WASHINGTON - The U.S. economy had a strong revival in the spring, a government report released yesterday showed, although growing troubles in housing and credit markets have darkened prospects considerably since then.
The Commerce Department report said the gross domestic product - the broadest measure of the nation's economic health - expanded at an annual rate of 4 percent in the April-to-June quarter. That was its strongest showing in more than a year, and was considerably higher than the estimate of 3.4 percent growth for the quarter made a month ago.
The improved performance reflected higher activity in such areas as international trade and business investment, offsetting a continued plunge in housing construction.
But that growth could be the best showing for some time as the economy continues to be battered by the worst housing slump in 16 years and a widening credit crisis that has sent financial markets on a roller-coaster ride in recent weeks.
Many economists said they expected growth to slow to about 2 percent in the current quarter, and perhaps dip below 2 percent in the final three months of this year, as the effects of the market turbulence take more of a toll on consumer and business confidence.
But analysts said they still believed the current economic expansion, which will be six years old in November, would not change into a full-blown recession.
"While a recession in the United States is clearly possible, one of the biggest positives going forward is that the rest of the world still looks good, which means we will get continued help from rising exports," said Nigel Gault, chief U.S. economist at Global Insight Inc.
GDP measures the value of all goods and services produced within the United States.
An improved trade performance, representing higher sales of U.S. products overseas and lower imports, was the biggest factor contributing to the second-quarter improvement, adding 1.4 percentage points to the 4 percent growth rate.

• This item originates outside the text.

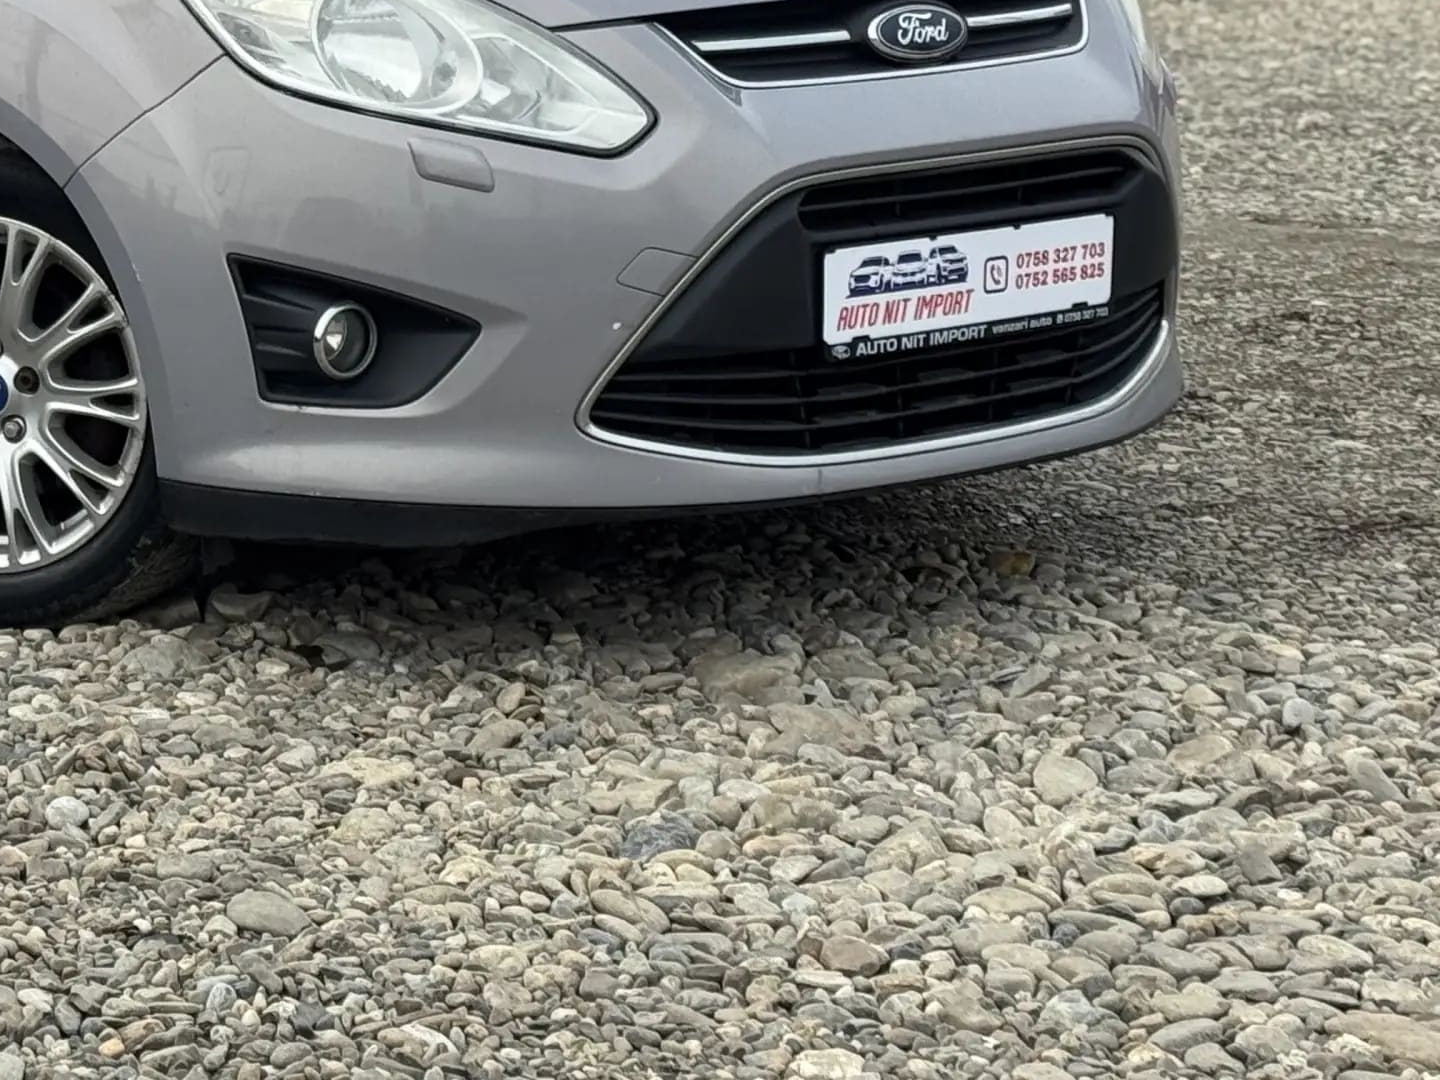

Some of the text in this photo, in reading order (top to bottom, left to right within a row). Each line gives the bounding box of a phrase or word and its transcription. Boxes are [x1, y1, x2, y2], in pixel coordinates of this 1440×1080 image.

Analysts said they also were confident that the Federal Reserve would act in time to ward off a recession by cutting interest rates should current financial troubles intensify.
In a second report released yesterday, the Labor Department said the number of Americans filing claims for jobless benefits rose for a fifth consecutive week, increasing 9,000, to 334,000, last week, its highest level since April.
The 4 percent GDP growth rate for the second quarter marked a sharp jump from the anemic 0.6 percent pace during the first three months of the year. It was the largest GDP increase since a 4.8 percent growth rate in the first three months of 2006.
Besides an improving trade picture, the faster growth in the second quarter reflected rebuilding of depleted business inventories and double-digit gains in business investment in offices, shopping centers, and other nonresidential projects, as well as big increases in purchases of equipment and software.
Consumer spending, which accounts for two-thirds of total economic activity, did show a marked slowdown in the second quarter, growing at an annual rate of 1.4 percent, less than half the first-quarter increase.